Identifying transcription factor binding sites and enriched motifs

Transcription factor binding sites were predicted by PlantRegMap (Jin et al. 2016). Motif enrichment analyses were performed using AME integrated in the MEME suite (Bailey et al. 2009). For enrichment analysis, randomly selected genomic regions were selected as control background, and only the motifs with P < 0.05 (Fisher’s exact test) were considered as significantly enriched.

Bisulfite-sequencing for methylomes and transcriptome analyses

Bisulfite-seq data of P. trichocarpa under well-watered (WW) and water-deficit stress (WS) treatments are available under the SRA accessions SRR1171318, SRR11713189, SRR1171316, and SRR1171317 (Liang et al. 2014). Because the data were analyzed based on Populus version 2.0 reference genome, we reanalyzed the bisulfite-seq data using the Populus version 3.0 genome. Quality-trimmed reads were aligned to the reference Populus genome (Phytozome version 10) using bowtie2 (v2.2.9) (Langmead and Salzberg 2012) and analyzed using Bismark (v0.16.3) (Krueger and Andrews 2011) with default parameters. Duplicated reads were removed using the Bismark deduplication tool, and cytosine methylation states were extracted using Bismark methylation extractor. CNS regions were divided in four equally sized bins and the CNS flanking regions were divided in six equally sized bins with 100 bp windows from 5′ to 3′, and the mean mC/C level within each bin for each methylation type was determined. Mean methylation level in each bin was determined based on the number of mC/C sites of a given methylation type (mCpG, mCHG, or mCHH) divided by the total mC/C sites in each bin.

Clean reads were mapped using TopHat (Trapnell et al. 2012) to generate read alignments for each sample. Genomic annotations were obtained from Phytozome (http://www.phytozome.net/).
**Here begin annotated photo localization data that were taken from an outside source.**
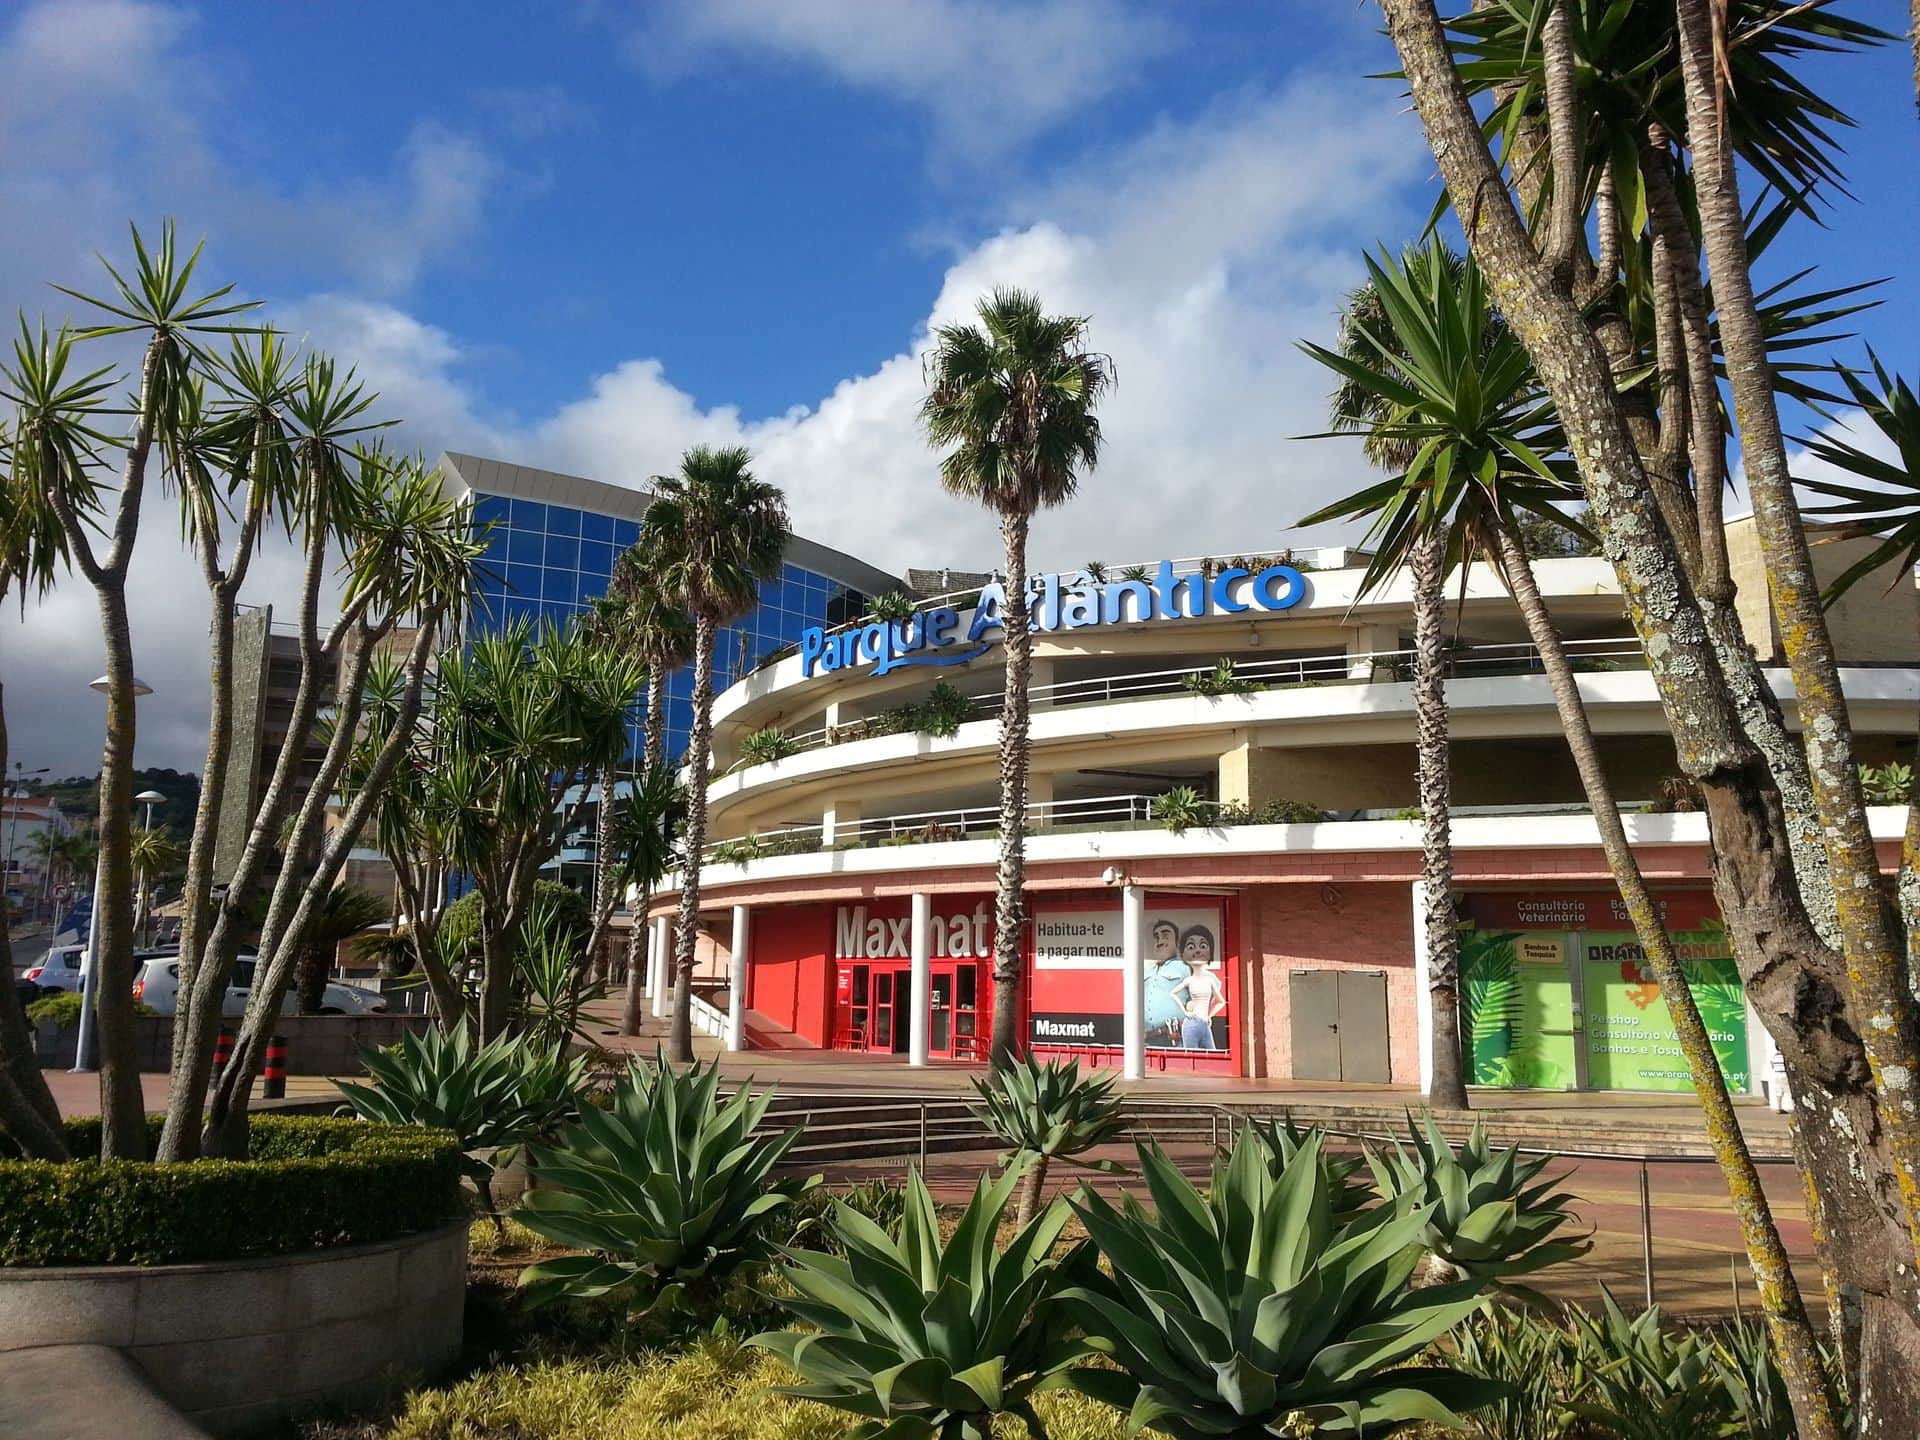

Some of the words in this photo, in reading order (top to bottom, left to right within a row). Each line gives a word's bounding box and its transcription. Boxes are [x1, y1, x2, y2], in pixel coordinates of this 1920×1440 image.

[801, 608, 959, 677] Parque
[1517, 900, 1585, 911] Consultório
[1518, 911, 1586, 922] Veterinário
[1037, 922, 1105, 937] Habitua-te
[1037, 946, 1045, 957] a
[1047, 946, 1084, 960] pagar
[1086, 946, 1123, 957] meno
[1035, 1019, 1096, 1037] Maxmat
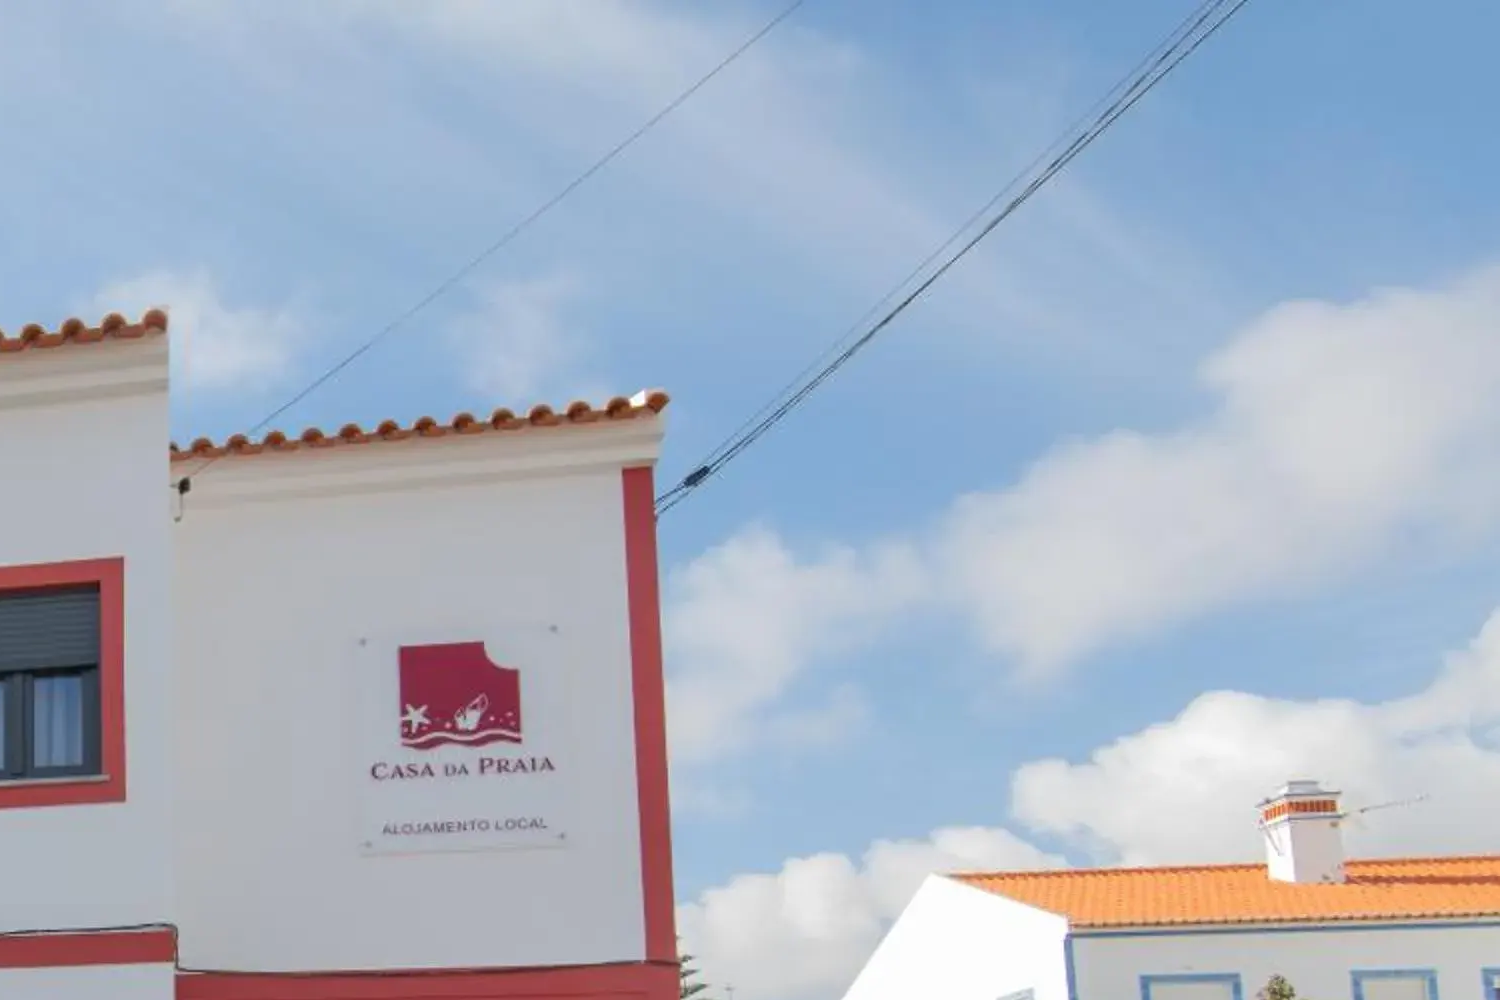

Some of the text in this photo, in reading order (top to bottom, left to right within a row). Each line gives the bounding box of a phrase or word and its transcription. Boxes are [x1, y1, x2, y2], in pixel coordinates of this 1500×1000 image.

[371, 757, 556, 780] CASA DA PRAIA
[382, 817, 548, 835] ALOJAMENTO LOCAL
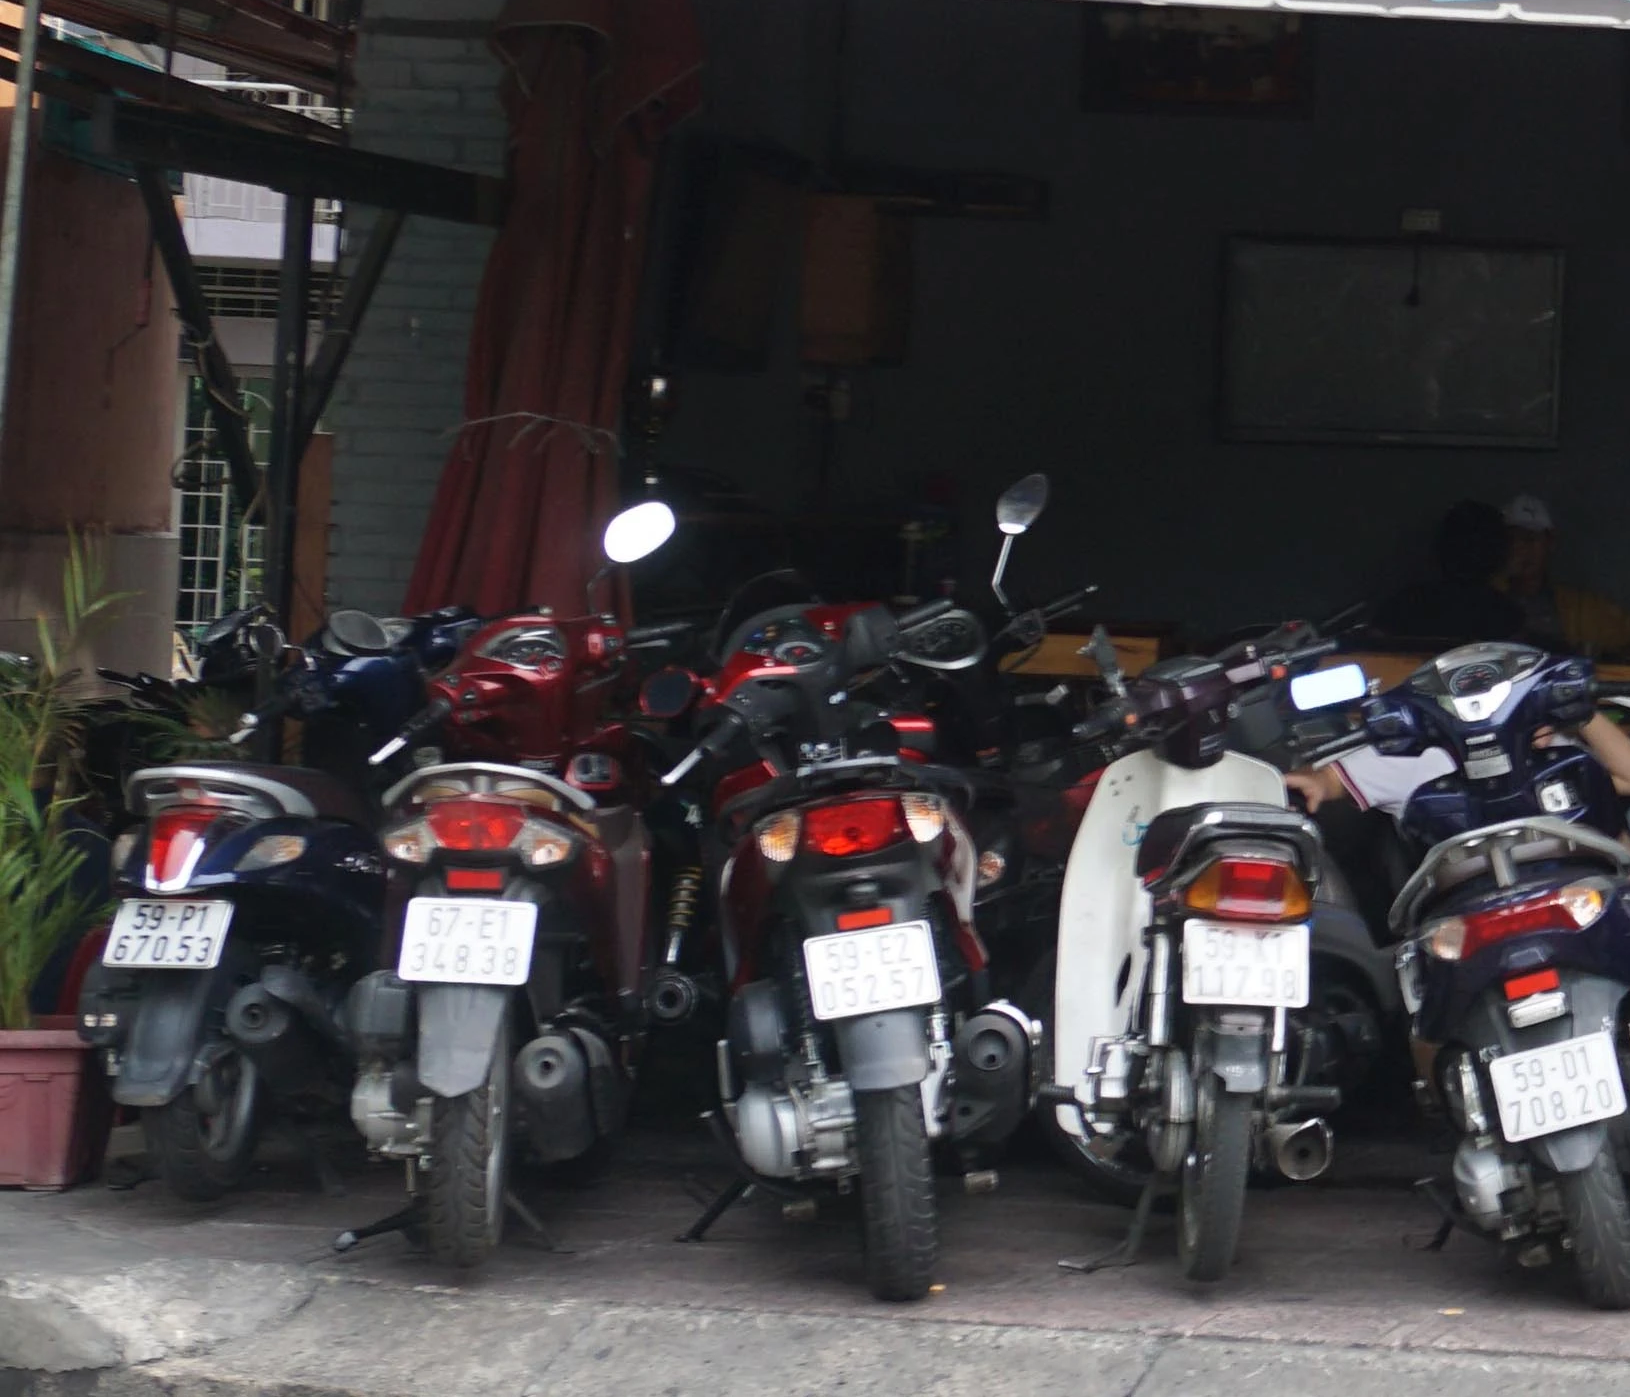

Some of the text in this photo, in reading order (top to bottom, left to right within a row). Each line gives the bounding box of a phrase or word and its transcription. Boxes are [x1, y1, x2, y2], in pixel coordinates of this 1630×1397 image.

[133, 905, 209, 931] 59-P1
[428, 907, 508, 939] 67-E1
[114, 935, 212, 962] 670.53
[411, 943, 518, 975] 348.38
[1508, 1079, 1613, 1135] 708.20
The transcript isoform level and gene level counts were calculated and differential transcript levels were then computed using Cuffdiff (Trapnell et al. 2012). The transcriptome data are available under the SRA accessions SRR1171652 and SRR1030352 (Liang et al. 2014).

Functional annotation

Protein sequences (version 3.0) with the longest transcripts were annotated using (CDD, Coils, CATH-Gene3D, HAMAP, Pfam, PIRSF, PRINTS, ProDom, SMART, SuperFamily, TIGRFAMS, PROSITE, PRINTS) in conjunction with InterProScan (Quevillon et al. 2005). Then the total number of GO terms was mapped to the InterPro annotations using the GO terms database (ftp://ftp.ebi.ac.uk/pub/databases/interpro/interpro2go). As the resulting GO categories were very specific, we used the same method as Rodgers-Melnick et al. (2012) by identifying nodes that were descendants of the following GO categories within the Gene Ontology hierarchy: protein binding (GO:0005515), transcription factor activity (GO:0003700), ion channel activity (GO:0005216), nucleic acid binding (GO:0003676), phosphatase activity (GO:0016791), protein kinase activity (GO:0016301), ligase activity (GO:0016874), protease activity (GO:0008233), receptor activity (GO:0004872), transporter activity (GO:0005215), stress response (GO:0006950), catalytic activity (GO:0003824), and cation binding (GO:0043169).

Estimating protein connectivity

The STRING database (Mering et al. 2003) was used to estimate the number of protein interactions for each gene. The STRING database integrates data from experimentally derived protein–protein interactions through literature curation, and stores computationally predicted interactions; therefore, the data of model organisms are supported by more evidence.

Statistical analysis of gene set associations and trends in synteny and paralog retention

Statistical inference of CNS numbers and protein connectivity was conducted with a permutation test on the mean (permutation test) (Röhmel 1996), and each mean is shown with a bootstrap-based 95% CI (Studentized CI), displaying the extent to which outliers may cause the mean to fluctuate. This method has performed well in skewed populations without assumption of the true distributions (Hufton et al. 2009).

The synteny-CNSs and paralog retention-CNSs trends were tested by permutation. The PPI number on the CNSs was randomly shuffled and the mean value was calculated based on bootstrap-based 95% CI. Pearson’s correlation coefficient and significance were calculated using R package.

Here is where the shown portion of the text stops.